In the GFCA's most recent newsletter, the group's president David Olin recently put out a plea for more Great Falls residents to seek membership.
"I cannot help but notice that a few, a very small few, tackle the burden of vigilance. A very small few actively engage in correspondence with our county and state representatives, attend hearings and planning meetings and voice their opinion.
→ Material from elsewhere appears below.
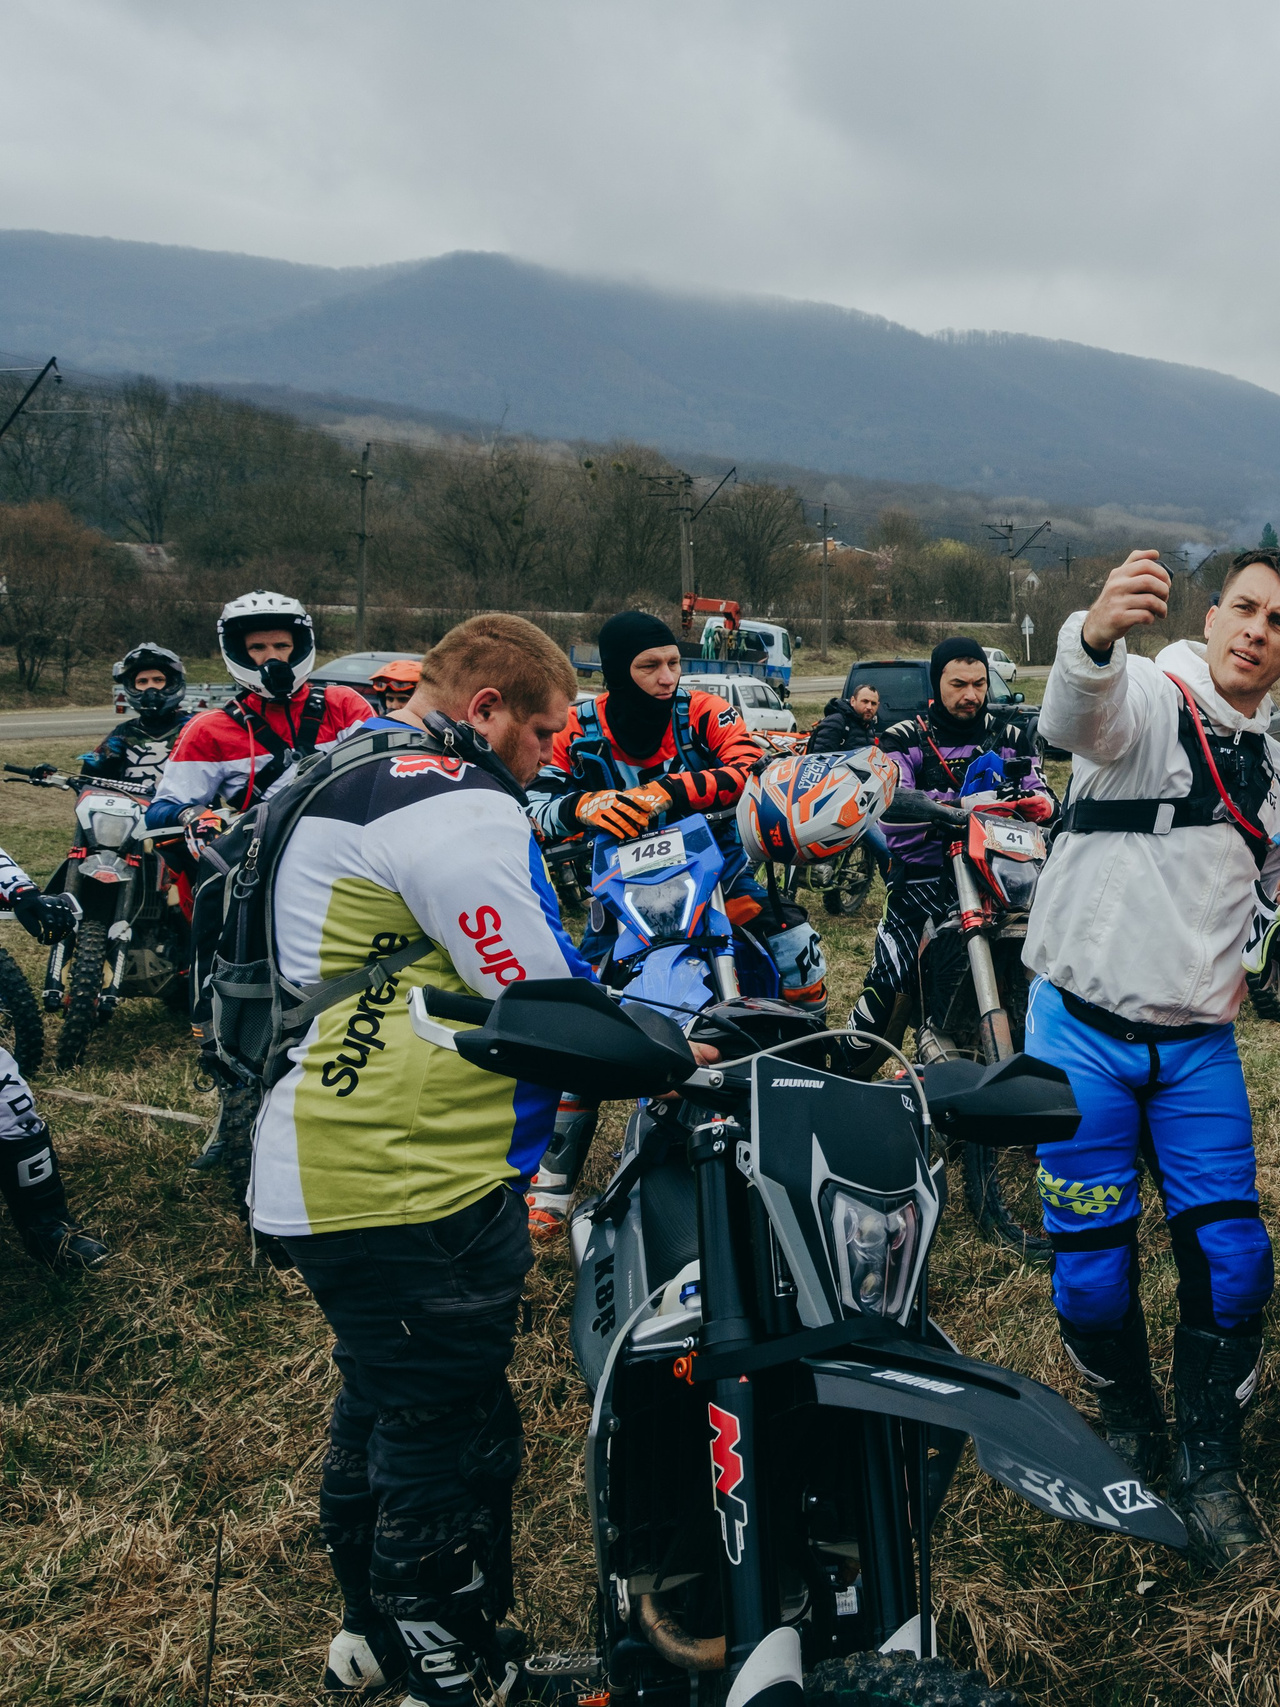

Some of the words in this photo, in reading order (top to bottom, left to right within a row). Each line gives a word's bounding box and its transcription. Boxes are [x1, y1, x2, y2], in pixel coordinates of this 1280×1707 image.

A very small few appear to speak for the majority and in the interest of the community and its environment," wrote Olin.
SUBSEQUENTLY, THE GFCA is currently seeking new and creative ways to recruit more members.
"We've got a couple of concepts that we are putting forth here," said Herbert. "One is a mass mailing which will occur with November's newsletter... and that goes out to about 6,000 homes."
Herbert added that members recruited between now and the end of this year will receive "a little token of appreciation." His goal is to increase membership by 4-5 times its current number.
"I don't know how far we can go with this, but I certainly can't rest until we reach 3,000 and I don't see any reason why we shouldn't be able to do that," he said.
Herbert is particularly interested in increasing the GFCA's membership because he feels that the County does not always take their concerns seriously since it is but a small representation of the community.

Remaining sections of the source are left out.